[Images for object localization]
--- --- ---
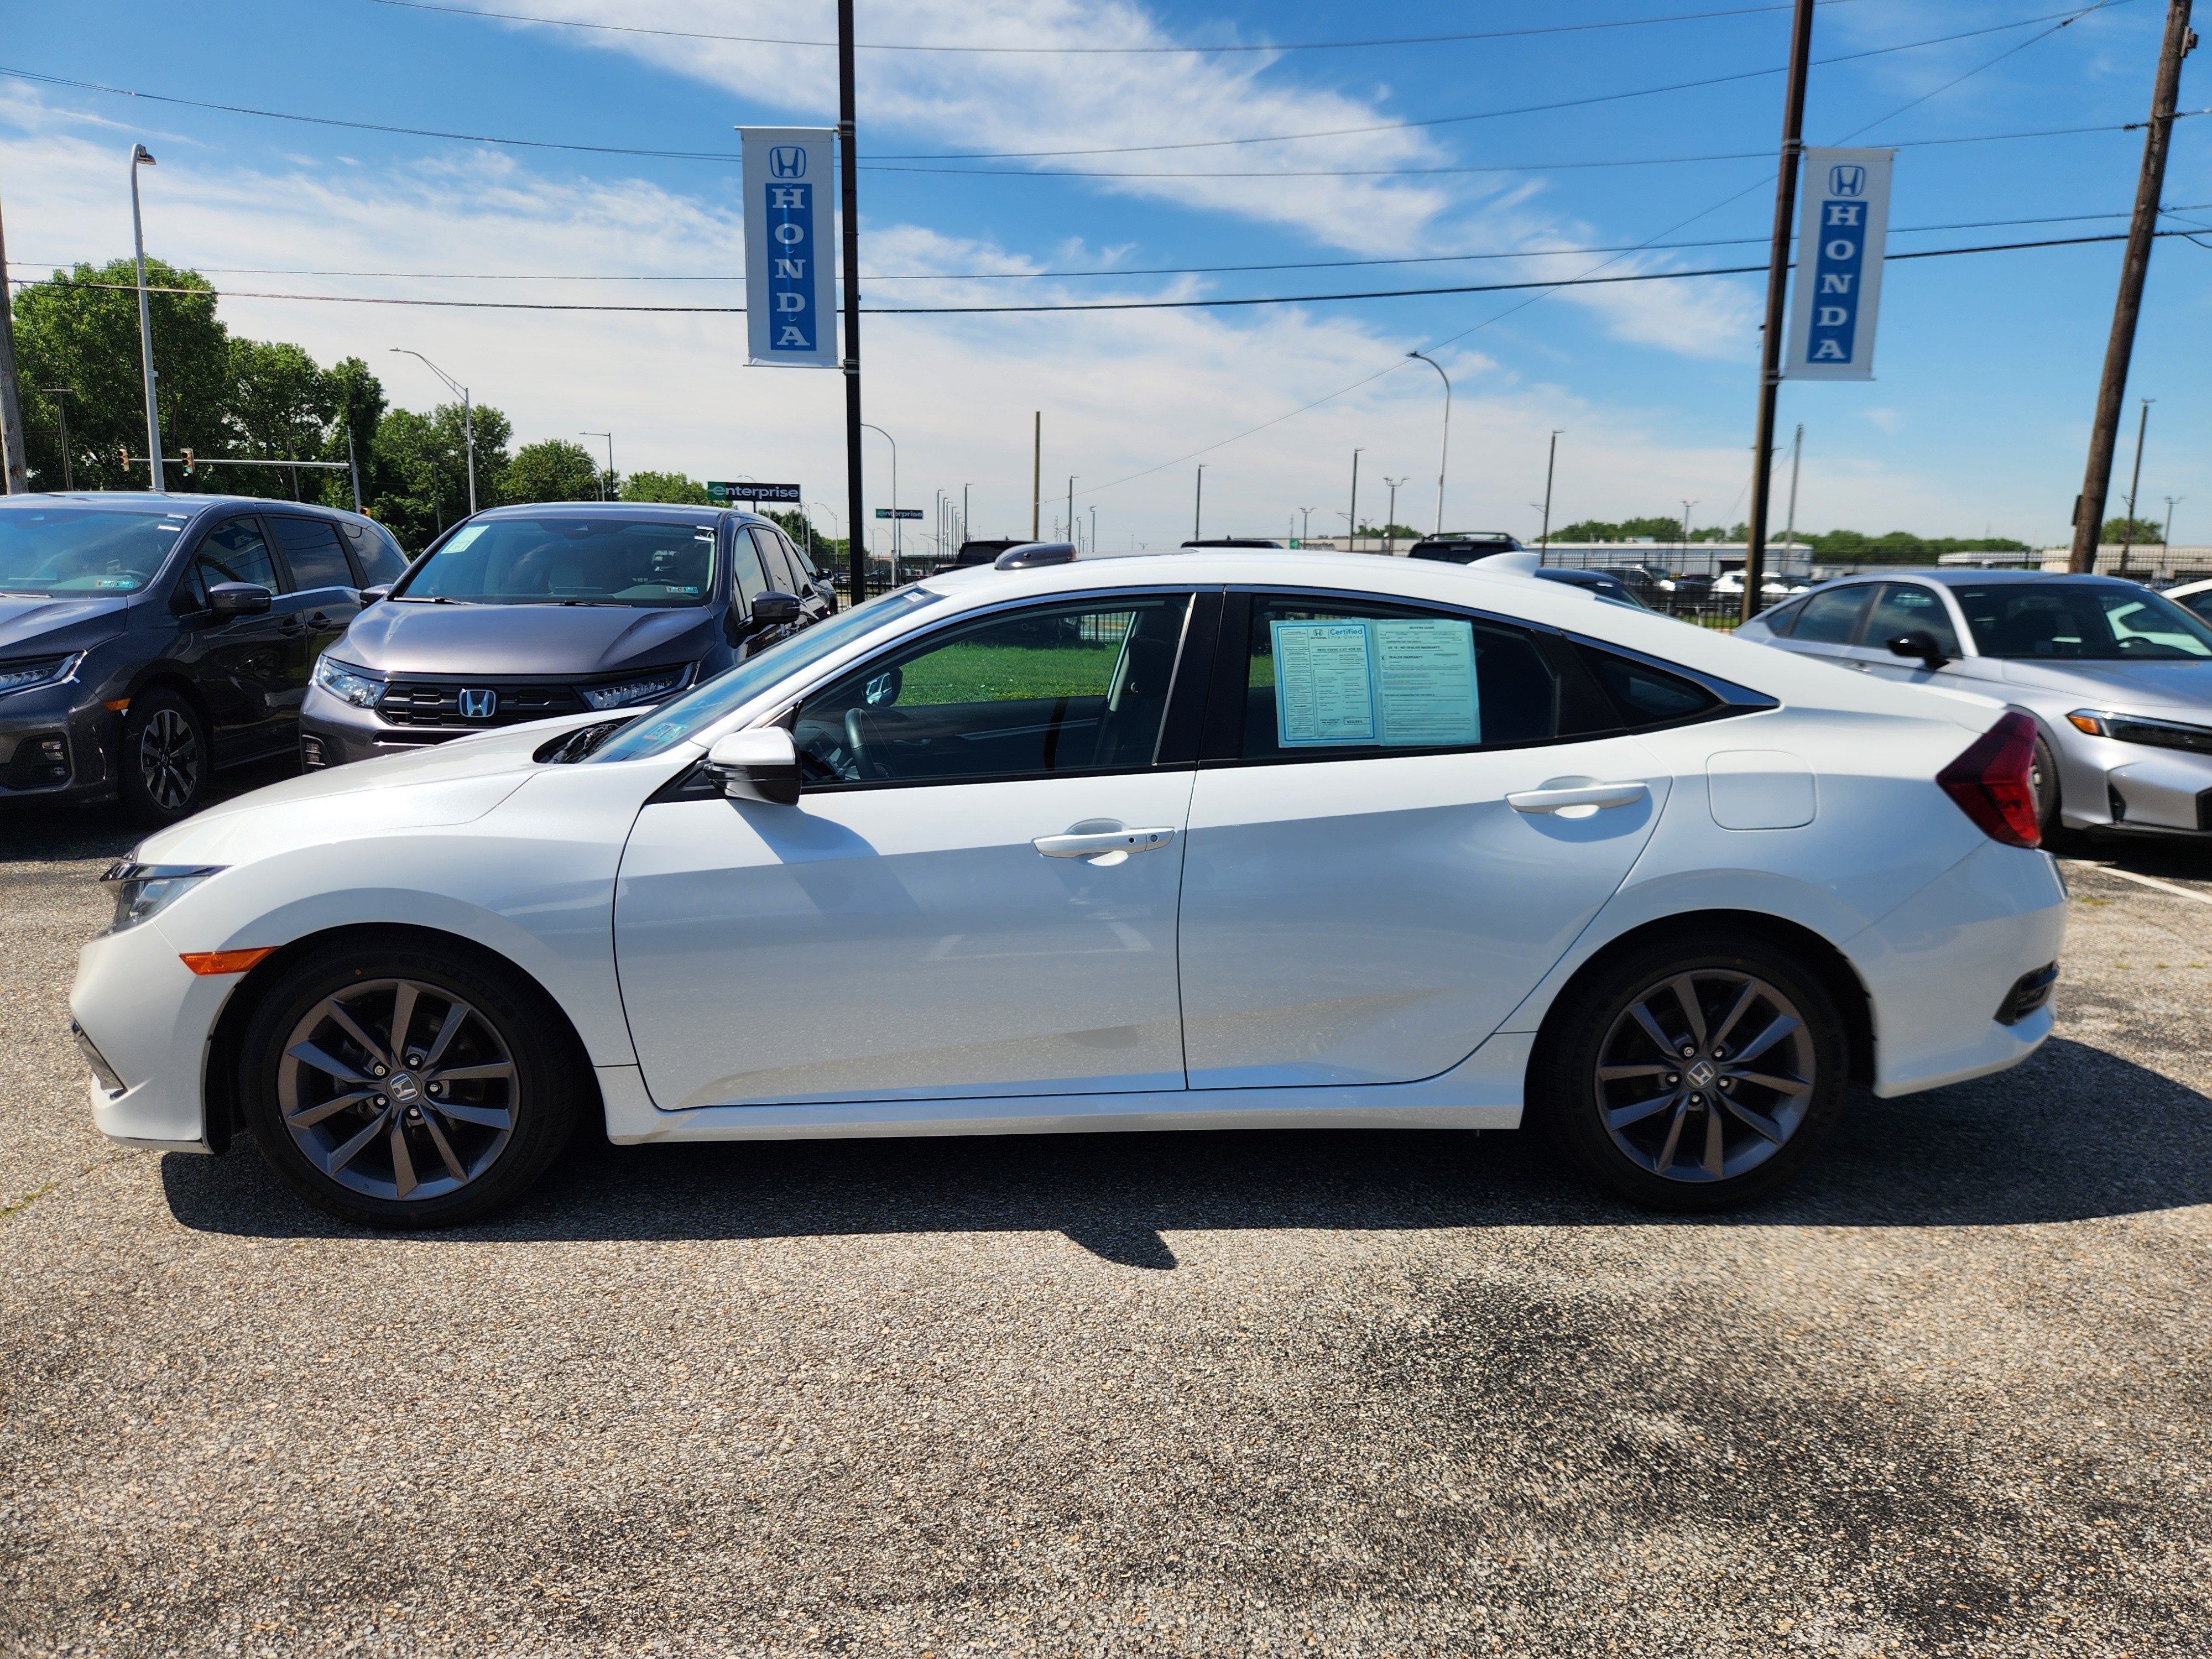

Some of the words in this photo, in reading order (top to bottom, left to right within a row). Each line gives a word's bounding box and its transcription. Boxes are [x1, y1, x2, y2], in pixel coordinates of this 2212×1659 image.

[772, 189, 810, 346] HONDA
[1812, 206, 1860, 359] HONDA
[710, 486, 799, 499] enterprise
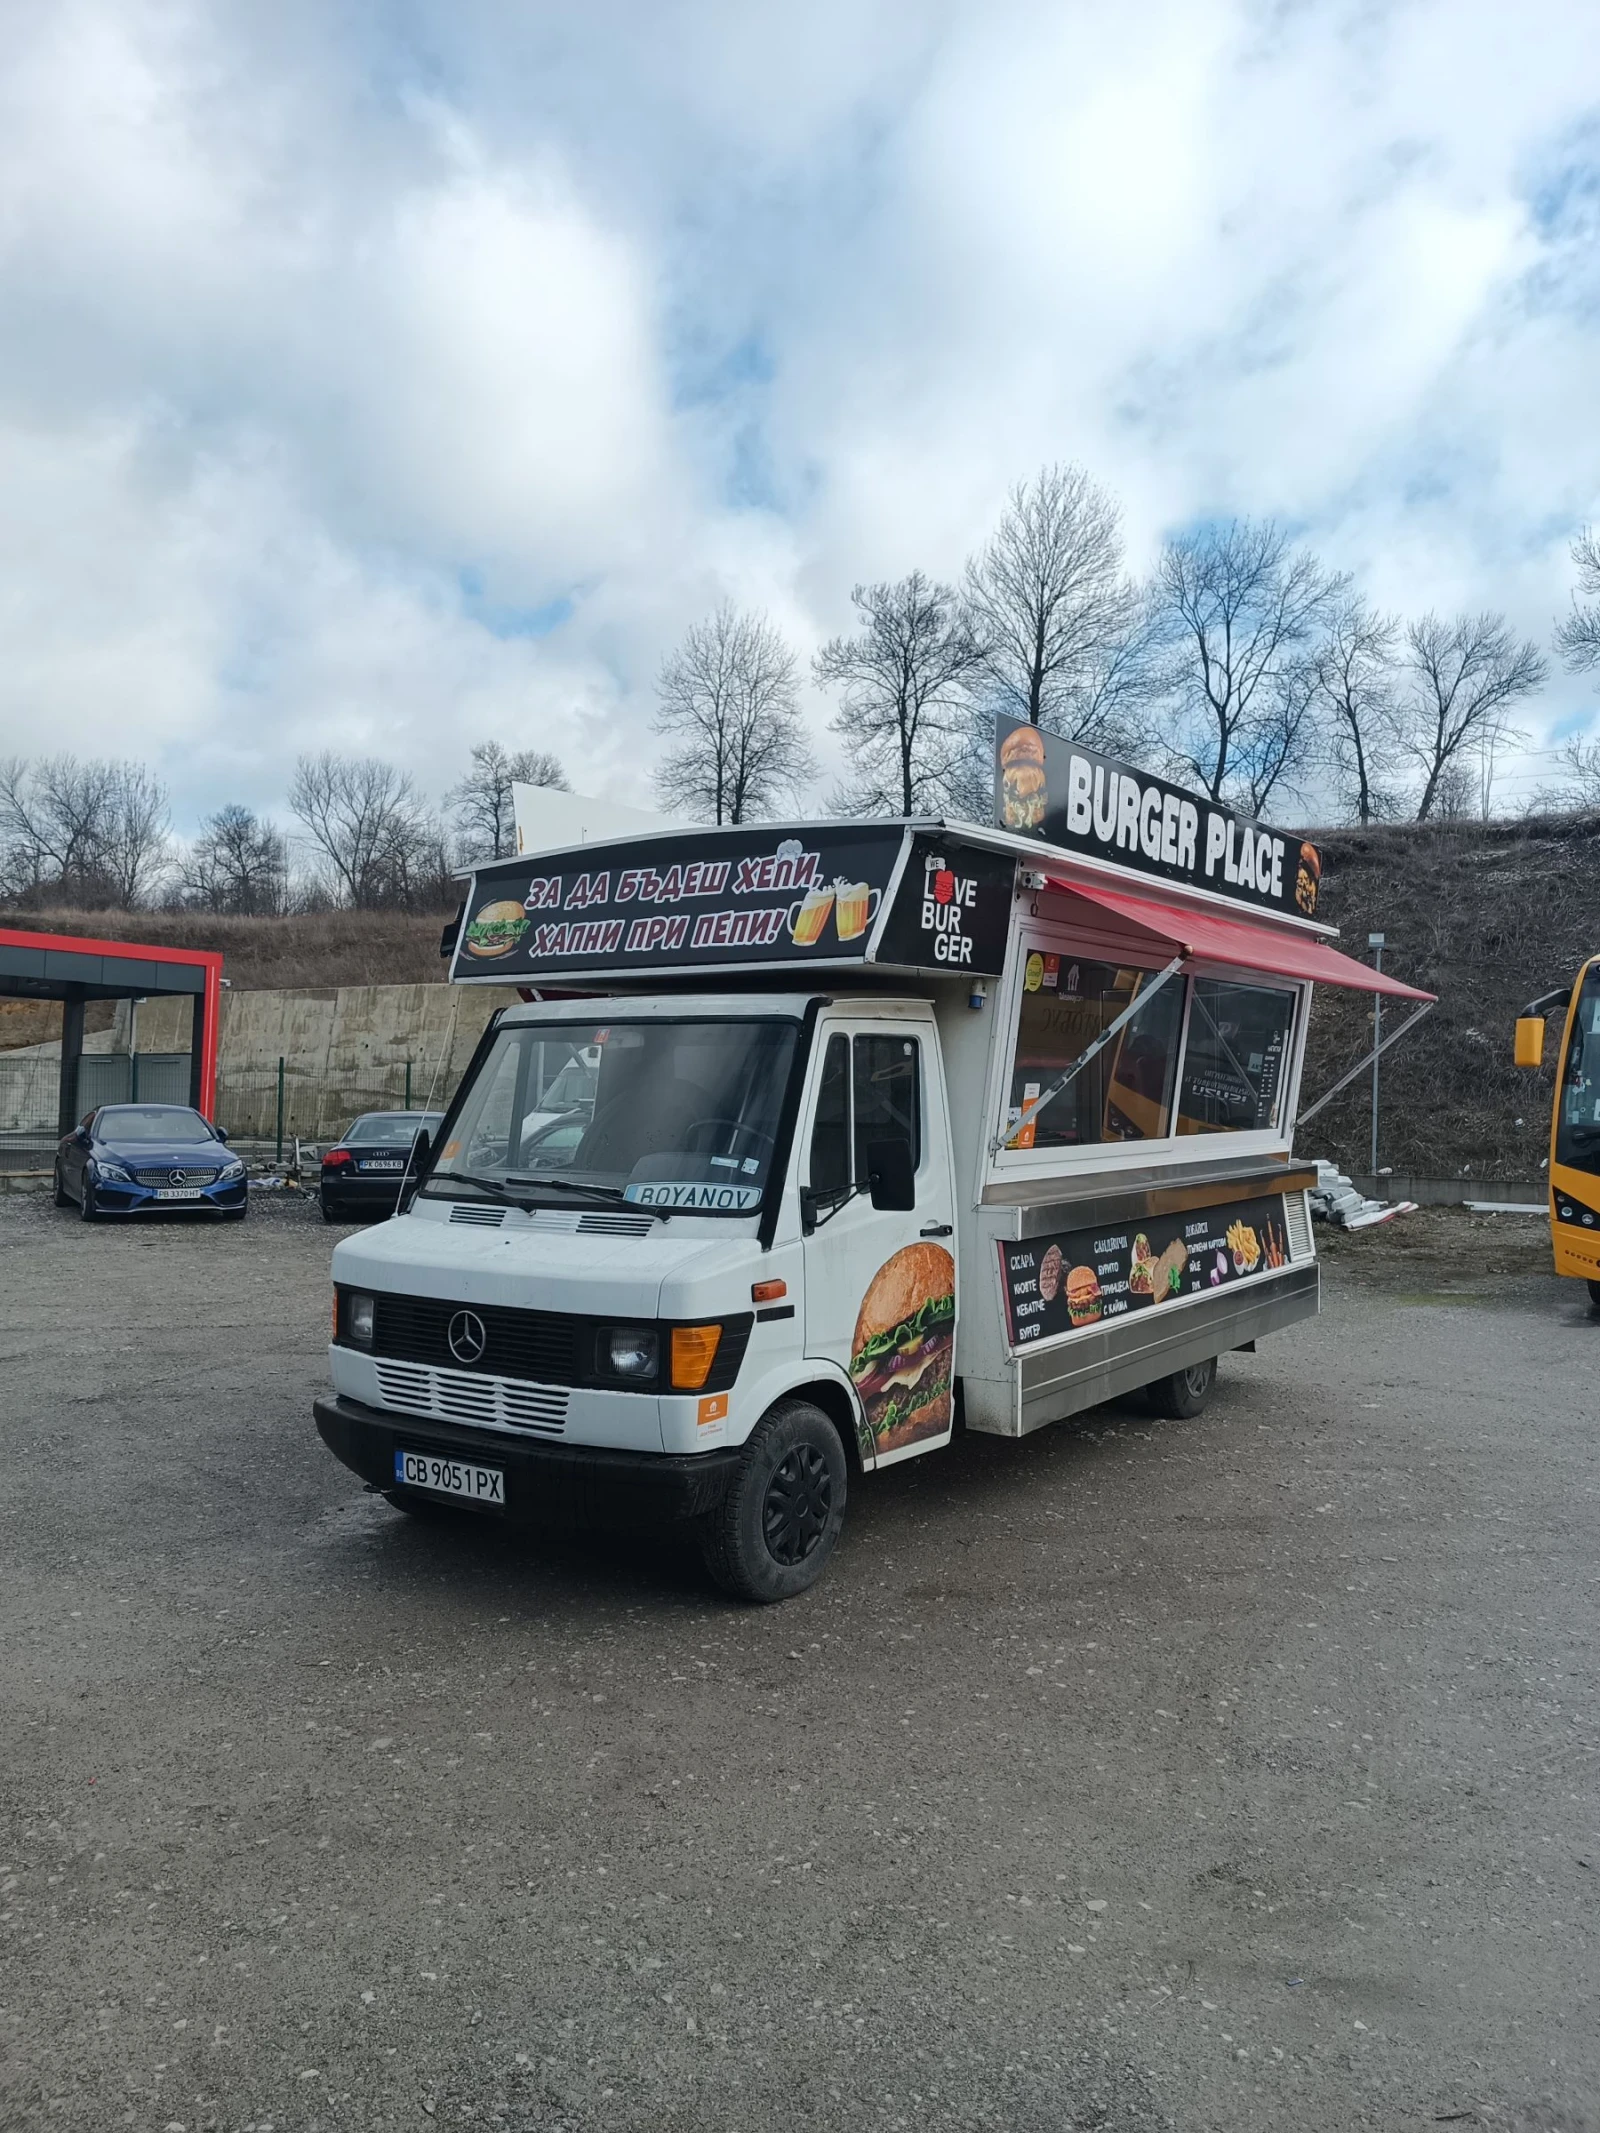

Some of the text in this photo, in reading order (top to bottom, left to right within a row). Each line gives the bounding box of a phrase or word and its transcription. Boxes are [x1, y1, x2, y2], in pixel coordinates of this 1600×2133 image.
--- --- ---
**WHAT YOU ARE ASKED TO DO**
Output each line of the records exactly. Any picture is skipped.

**ANSWER SPACE**
Some of the words in this photo, in reading order (top to bottom, left to right within a row). Each line gives a word's bounding box and its transcription. Boxes are [x1, y1, x2, y2], in pixel coordinates of this 2212×1659 image.

[772, 189, 810, 346] HONDA
[1812, 206, 1860, 359] HONDA
[710, 486, 799, 499] enterprise

Some of the text in this photo, in reading order (top to bottom, left to right within a row). Each line gives the bounding box of a phrase or word and its transcription. Boxes are [x1, y1, x2, y2], in pixel coordinates of this 1600×2133 image.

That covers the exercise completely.